▸ **Extracted records**:
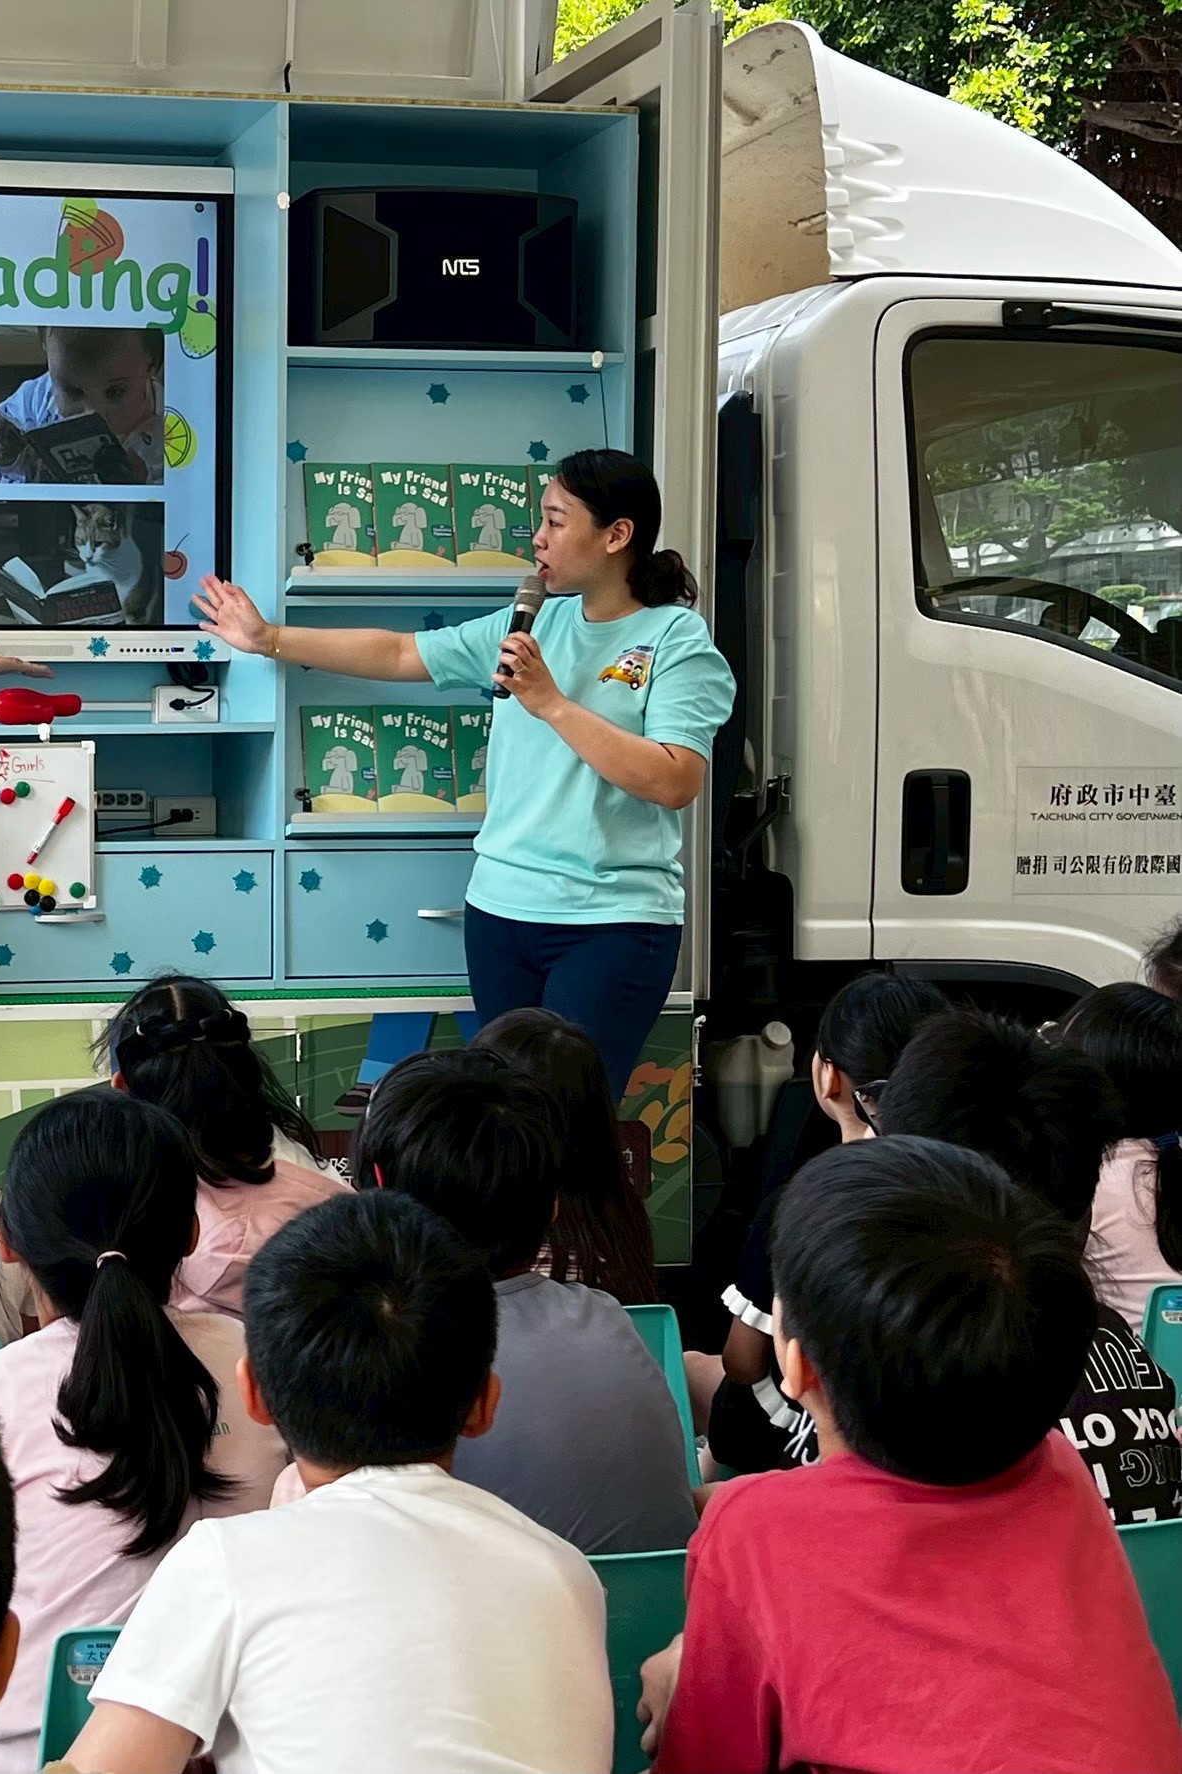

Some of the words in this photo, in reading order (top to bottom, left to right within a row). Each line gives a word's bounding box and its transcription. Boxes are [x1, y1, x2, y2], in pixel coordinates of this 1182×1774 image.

[442, 258, 480, 276] NTS
[314, 471, 335, 485] My
[381, 471, 401, 485] My
[406, 470, 448, 493] Friend
[459, 472, 480, 486] My
[484, 471, 526, 494] Friend
[338, 483, 351, 495] Is
[404, 483, 417, 495] Is
[422, 487, 448, 507] Sad
[482, 484, 496, 497] Is
[500, 488, 527, 508] Sad
[310, 714, 332, 729] My
[336, 713, 374, 734] Frien
[382, 713, 402, 728] My
[406, 712, 448, 735] Friend
[460, 713, 481, 727] My
[334, 726, 347, 738] Is
[405, 726, 418, 738] Is
[422, 729, 449, 749] Sad
[1030, 812, 1086, 821] TAICHUNG
[1089, 812, 1114, 821] CITY

▸ **Task directions**:
Apart from the pictures, which are to be omitted, every record must be transcribed exactly.

▸ **Expected output**:
Some of the words in this photo, in reading order (top to bottom, left to right within a row). Each line gives a word's bounding box and its transcription. Boxes are [x1, y1, x2, y2], in pixel coordinates of this 1182×1774 image.

[442, 258, 480, 276] NTS
[314, 471, 335, 485] My
[381, 471, 401, 485] My
[406, 470, 448, 493] Friend
[459, 472, 480, 486] My
[484, 471, 526, 494] Friend
[338, 483, 351, 495] Is
[404, 483, 417, 495] Is
[422, 487, 448, 507] Sad
[482, 484, 496, 497] Is
[500, 488, 527, 508] Sad
[310, 714, 332, 729] My
[336, 713, 374, 734] Frien
[382, 713, 402, 728] My
[406, 712, 448, 735] Friend
[460, 713, 481, 727] My
[334, 726, 347, 738] Is
[405, 726, 418, 738] Is
[422, 729, 449, 749] Sad
[1030, 812, 1086, 821] TAICHUNG
[1089, 812, 1114, 821] CITY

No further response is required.